If I had any doubts that the so-called “news” was completely made up, the story they told about me and Silvia convinced me. I remember it almost word for word, because it was all so outrageous and false. The black anchorman with the buck teeth—the one my grandfather always called “Mr. Beaver”—read it, in that fumbling anchorman way, like a five year old:

“In a bizarre twist on a story we brought you several days ago, the alleged kidnapper of local school girl Chloe Wilder has been positively identified as illegal alien Silvia Morales. The suspect was seen by firefighters early this morning fleeing the scene of an explosion at the girl’s foster home. The girl’s grandparents, whose house was rocked by a huge fireball, claim that Ms. Morales is mentally unbalanced, and angry at being forced from the home, where she worked as a domestic until she was recently fired. No one was injured in the blast. The resulting fire was quickly brought under control. Police are asking anyone who has seen either Silvia Morales or Chloe Wilder to please call the number on your screen. Ms. Morales should be considered extremely dangerous. The two were last seen in a stolen white Dodge Aries K. . .”

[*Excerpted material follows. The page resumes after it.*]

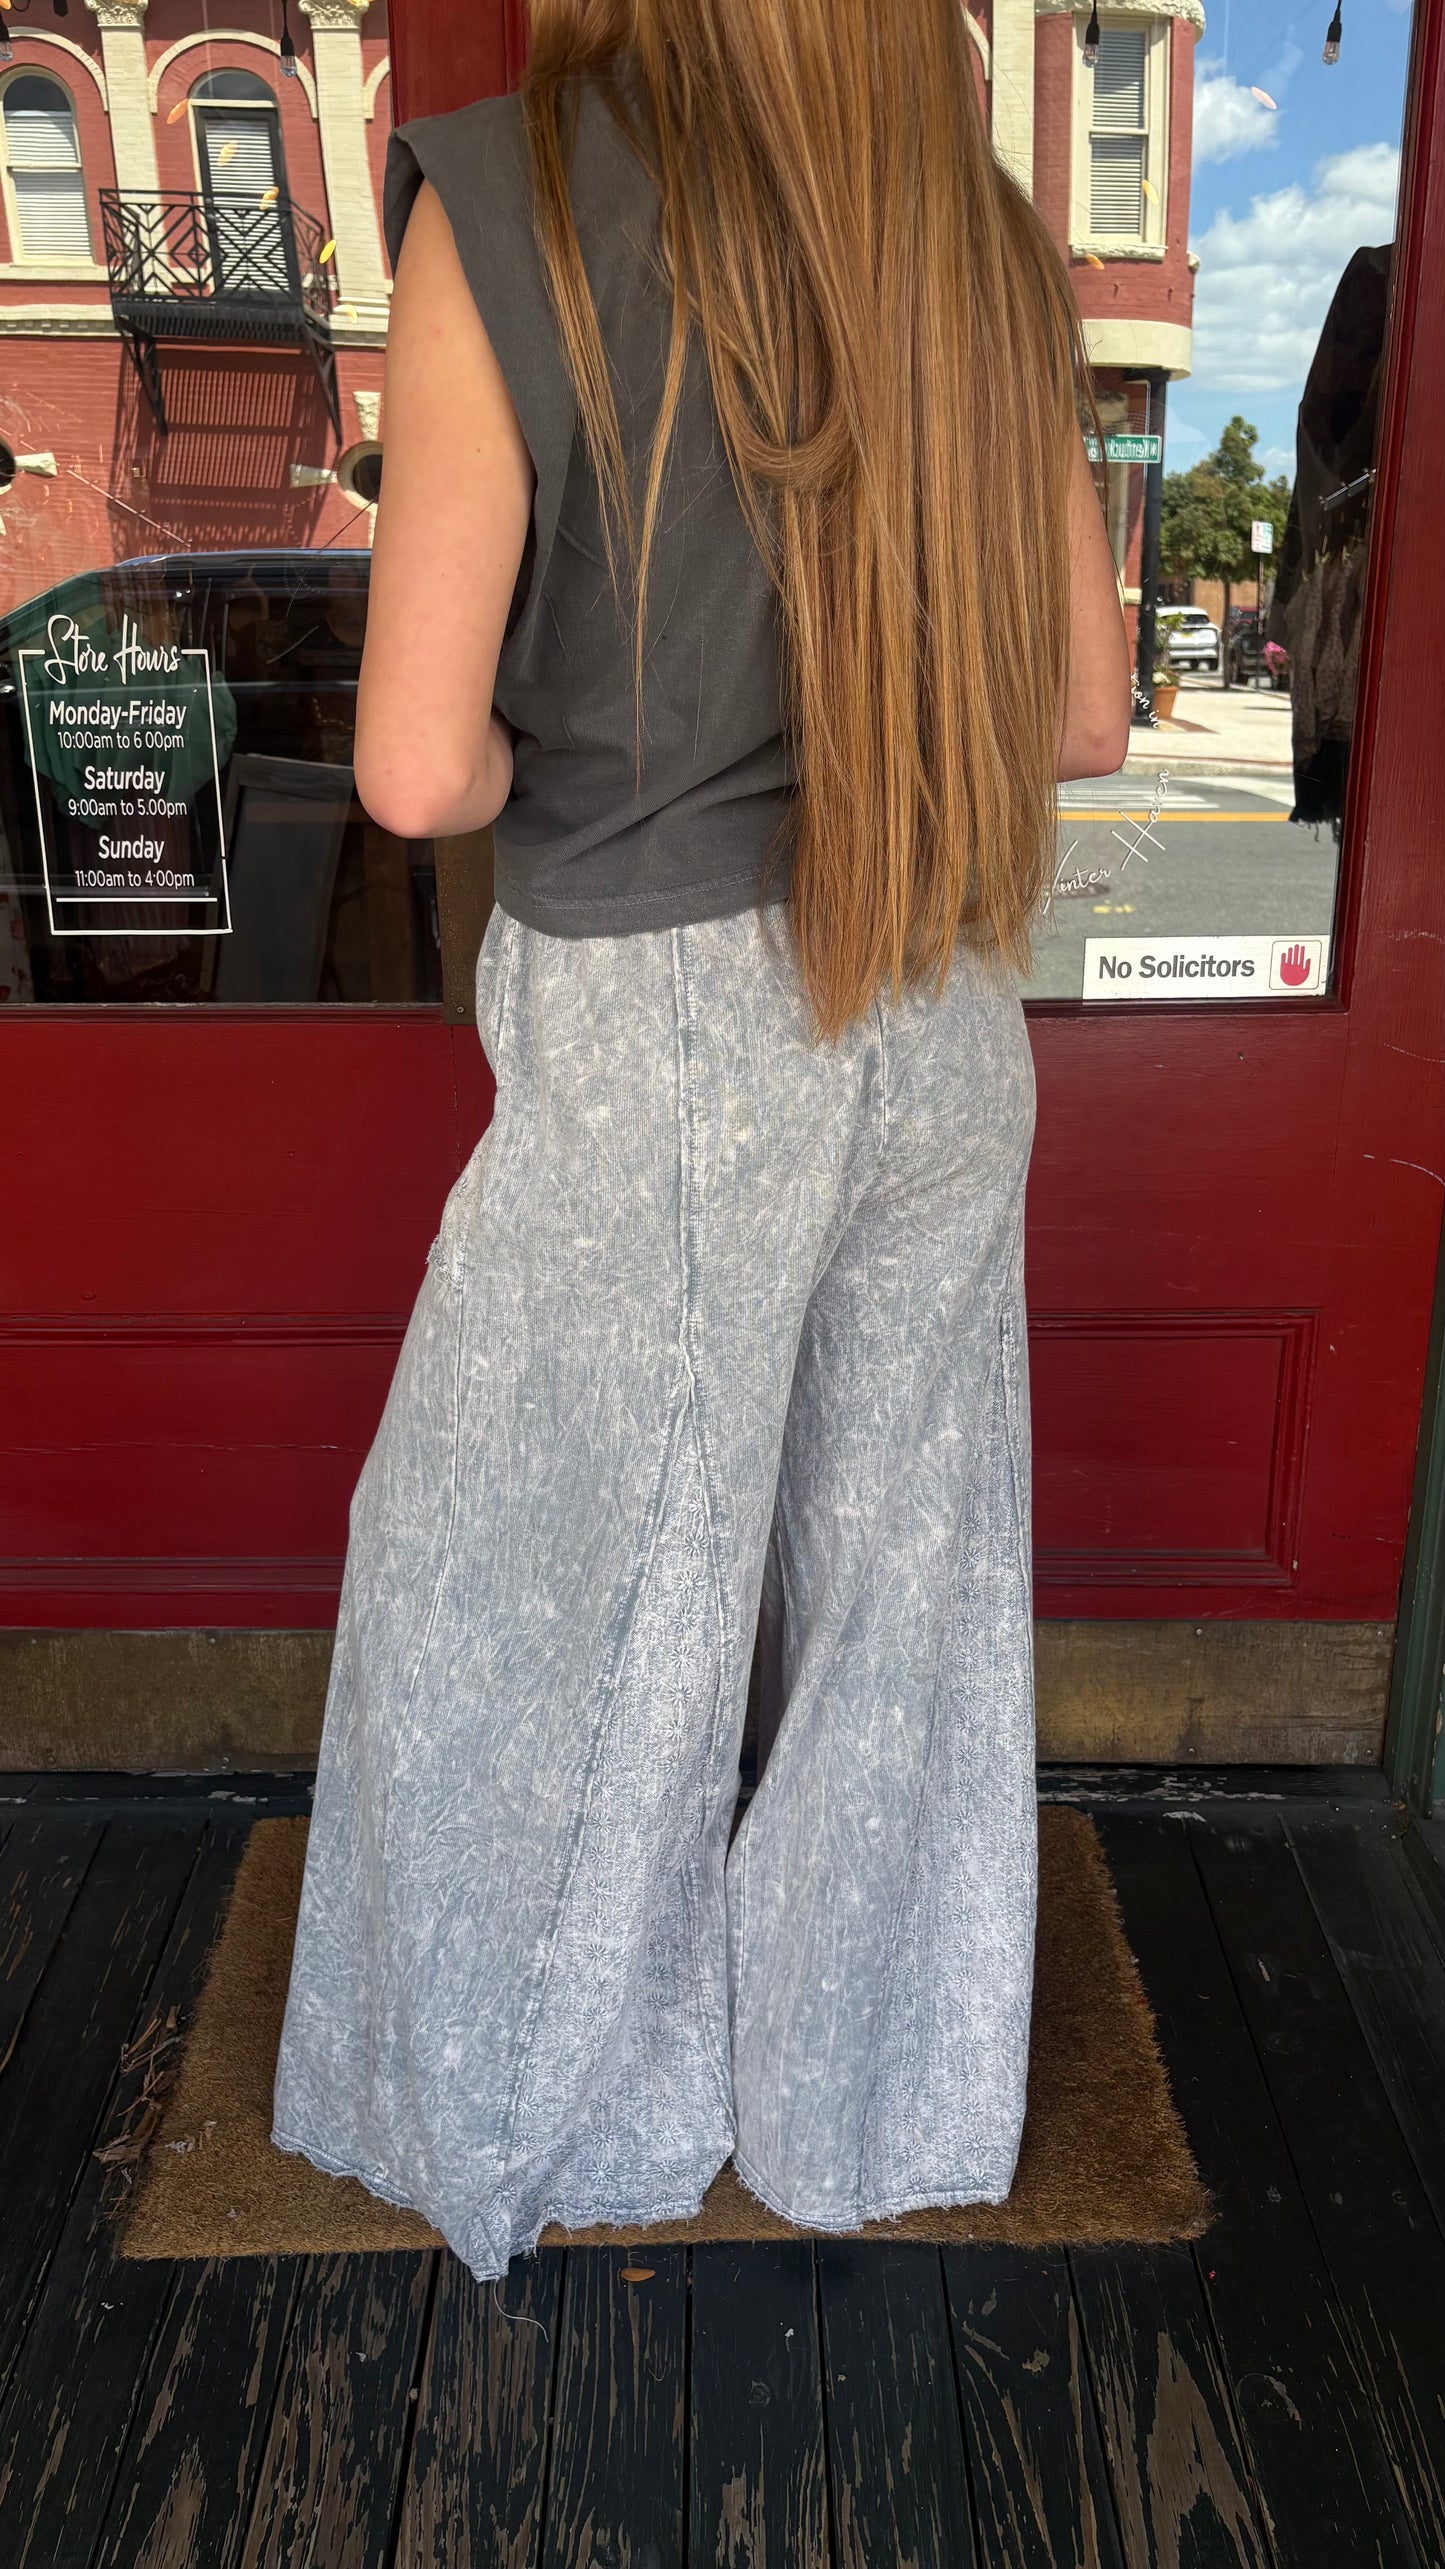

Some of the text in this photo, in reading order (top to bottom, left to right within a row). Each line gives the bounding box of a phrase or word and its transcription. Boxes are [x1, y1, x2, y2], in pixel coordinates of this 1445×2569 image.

They showed the license number of my grandparents’ Dodge. Then they showed a picture of me, the one from the Field School that was on the milk cartons. It looked even less like me on TV than on a sweaty milk carton, which was something at least. They didn’t have a photograph of Silvia, which goes to show how temporary her life was at my grandparents’. Instead of a photograph, they had a police sketch. The eyebrows were thick and angry. The lips were huge. The expression on the face was more like a terrorist than a maid. The sketch had my grandfather written all over it.

The other channels were showing our story, too. I didn’t even have to check to know that, but I checked anyway.

The rest of what they said about us on the news was unimportant, but I do remember that right after Mr. Beaver finished reading his lies, he and the other anchorman joked about how badly some sports team was doing, comparing their bad season to the explosion at my grandparents’ house. That’s when I turned off the TV.

Silvia and I sat there in the room, which was quiet now, except for the regular chirp of Silvia’s heartbeat from one of the monitors. We tried to kid each other about the police sketch. It might have been funny, in different circumstances.

Silvia hadn’t understood the story word for word, so I went over it with her, which was much more painful than just watching it on TV.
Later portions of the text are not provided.